福井から乗ってきた急行能登を糸魚川(いといがわ)で降り、約1時間待った。
そろそろ大阪行き急行きたぐにがやってくるのでまたホームに行った。同じようにきたぐにに乗る人たちは、ほんの数人である。
ようやくきたぐにがやってきたので乗る。けっこう降りる人がいる。新潟からの終列車なのである。
自由席は、あっけないほど客が少なかった。3年前にも直江津から新津まで乗っているので知っているが、幅の広いボックス席であった。
そして1両に10人も客がいなかったため、1ボックス独占できたのである。
ぼーっと外をながめたが、暗いだけである。
なんだかカタカタ音がする。音の方向を見ると、小さなはしごが荷物入れにある。
そう言えば、きたぐにの車両は、ボックス席になっている車両もいざというときは寝台にできる構造だったと思い出した。たぶんこのはしごは寝台になった時に中段、上段の寝台に行くために使われるはしごなんだろうなあと思った。それだけ見ると、ちょっとだけ眠った。
目が覚めた。もう金沢は過ぎたようだ。
ぼくが持っている北陸ワイド周遊券では、敦賀(つるが)まで乗ることができる。敦賀から先に行ってしまうともう引き返すことはできないが、敦賀までなら、降りてから福井の方向に引き返すことができる。
夜が明けたら、武生(たけふ)から福井鉄道に乗りたい。
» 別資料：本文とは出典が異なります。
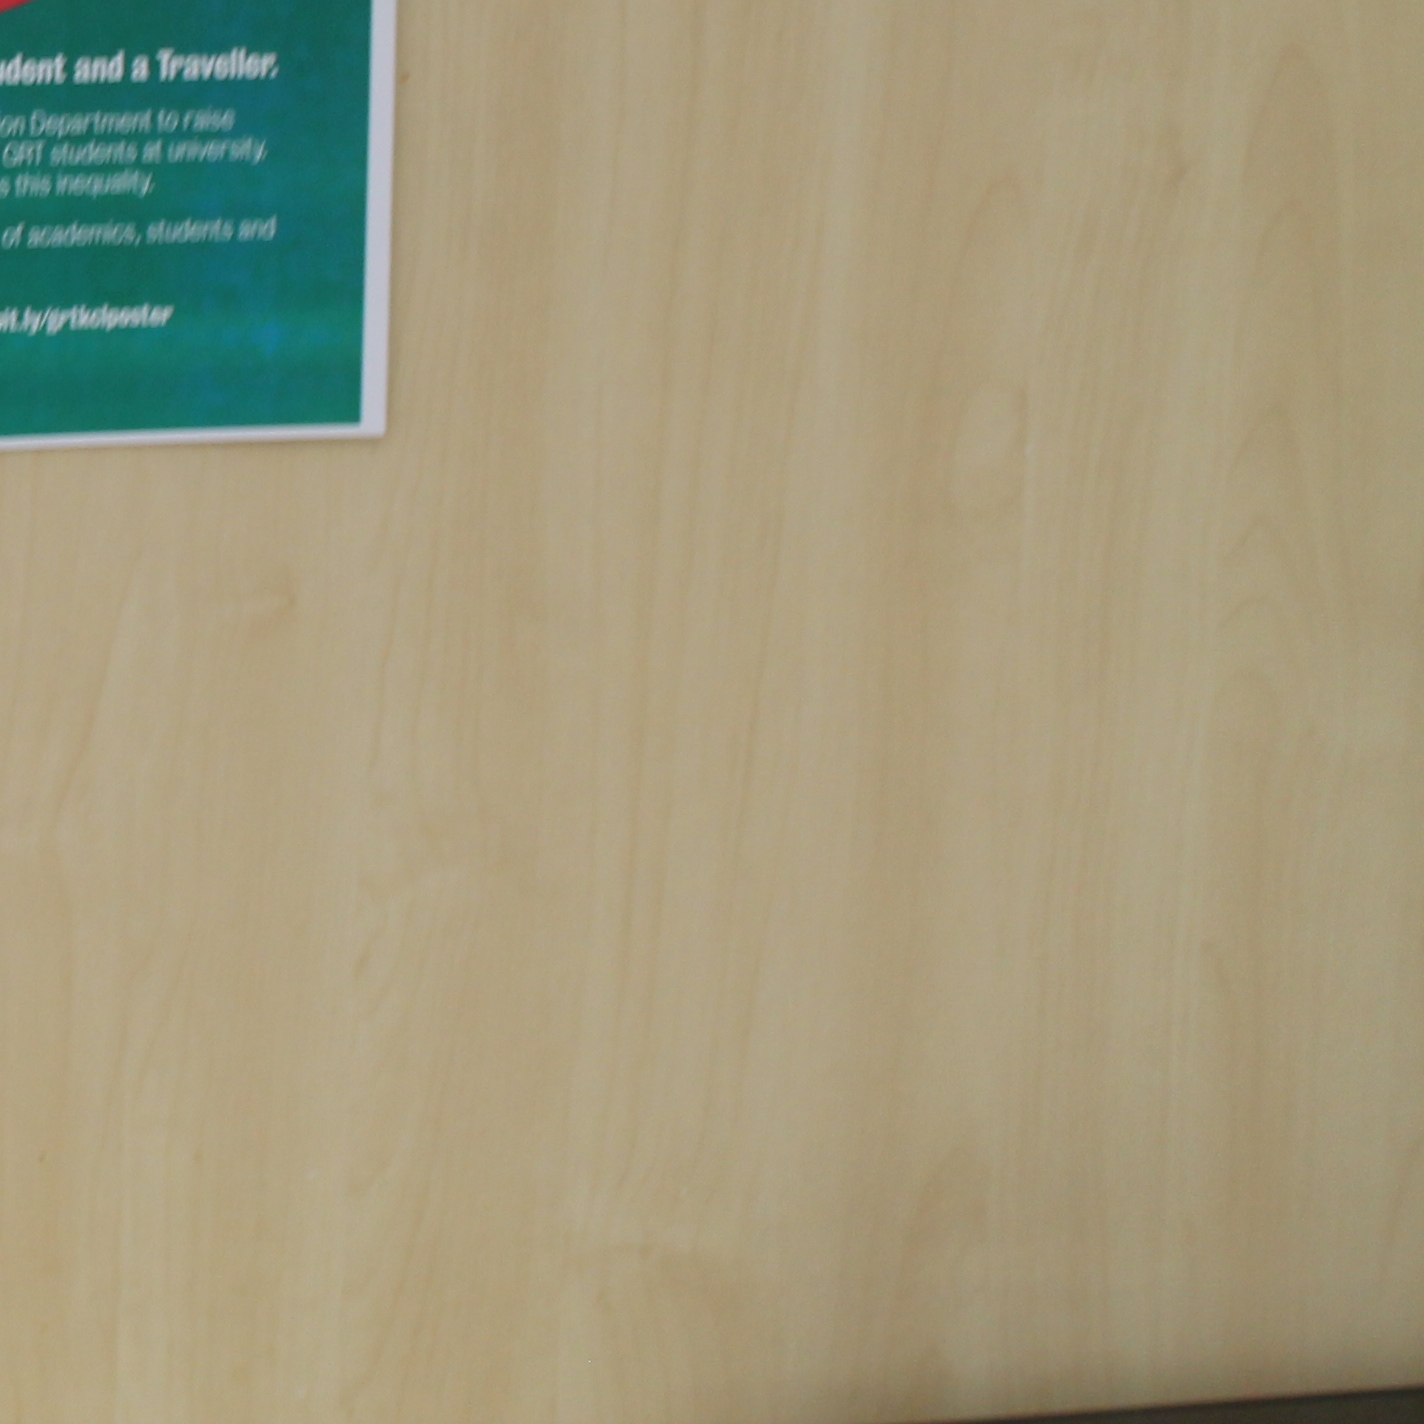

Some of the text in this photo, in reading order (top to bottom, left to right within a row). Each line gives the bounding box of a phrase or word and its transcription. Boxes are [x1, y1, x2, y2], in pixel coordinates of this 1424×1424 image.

[74, 49, 125, 84] and
[132, 54, 149, 84] a
[29, 109, 152, 138] Department
[157, 108, 179, 133] to
[183, 107, 235, 132] raise
[3, 140, 46, 168] GRT
[50, 139, 138, 167] students
[142, 139, 162, 165] at
[15, 171, 51, 198] this
[2, 221, 25, 248] of
[28, 220, 142, 249] academics,
[146, 217, 234, 244] students
[237, 214, 278, 242] and
でもきたぐには武生には停車しない。だから敦賀から引き返すか、福井で降りて先に進むかである。
時刻表を見ると、武生着の時間が早いのは福井で降りる方なので、福井で降りることにした。そんなわけで福井到着を待ち、まだ暗い中、福井に降り立った。
なんと女性が4〜5人並んでいた。大阪方面に行くらしい。こんな朝早くから大阪に向かう人もいるんだなあ。
武生の方に進む普通列車まで多少時間があるので、いったん改札を出ることにした。
でも福井には、待合室みたいなすわれる場所が全然ない。しかたなくずっと立っていた。そしてまた改札を通り、ホームに行く。
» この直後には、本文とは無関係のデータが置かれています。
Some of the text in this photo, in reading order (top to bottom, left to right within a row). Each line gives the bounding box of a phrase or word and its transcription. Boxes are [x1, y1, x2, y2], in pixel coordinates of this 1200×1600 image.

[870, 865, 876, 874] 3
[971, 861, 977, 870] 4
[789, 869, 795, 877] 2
普通電車に乗り、数駅進んで目的地、武生に着いた。ここで降りる。だんだん空が明るくなってきた。
福井鉄道の駅が右手にあることはわかっている。ぼくは改札を通ると北陸ワイド周遊券のB券をいったんしまい、福井鉄道の武生新駅をめざした。
福井から乗ってきた始発電車を武生(たけふ)で降り、駅を出て右手に向かう。おととし12月と同じ道を通り、福井鉄道の武生新に着いた。
始発電車の田原町(たわらまち)行きが出るまでは時間があるようだ。おととしは福井新行きのきっぷを買ってしまったが、きょうはそのとなりの「福井市内」行きのボタンを押してきっぷを買った。これで田原町まで行けるだろう。
電車がやってきたのできっぷを切ってもらい、電車に乗る。きのうの夜乗ったのと同じ、多少古めのいい電車である。お客は数人である。そして発車。
おととし乗ったことがあるのでそれほど驚きもしない。武生の市街地を離れて、田んぼの景色に変わっていく。
しばらくずっと田んぼが続く。のどかな景色である。
そんな景色が続き、朝早いのでほとんど客も乗ってこない。そして福井の市街地に入っていき、おととし来た福井新を通る。さあ、ここからしばらくは乗ったことのない景色だ。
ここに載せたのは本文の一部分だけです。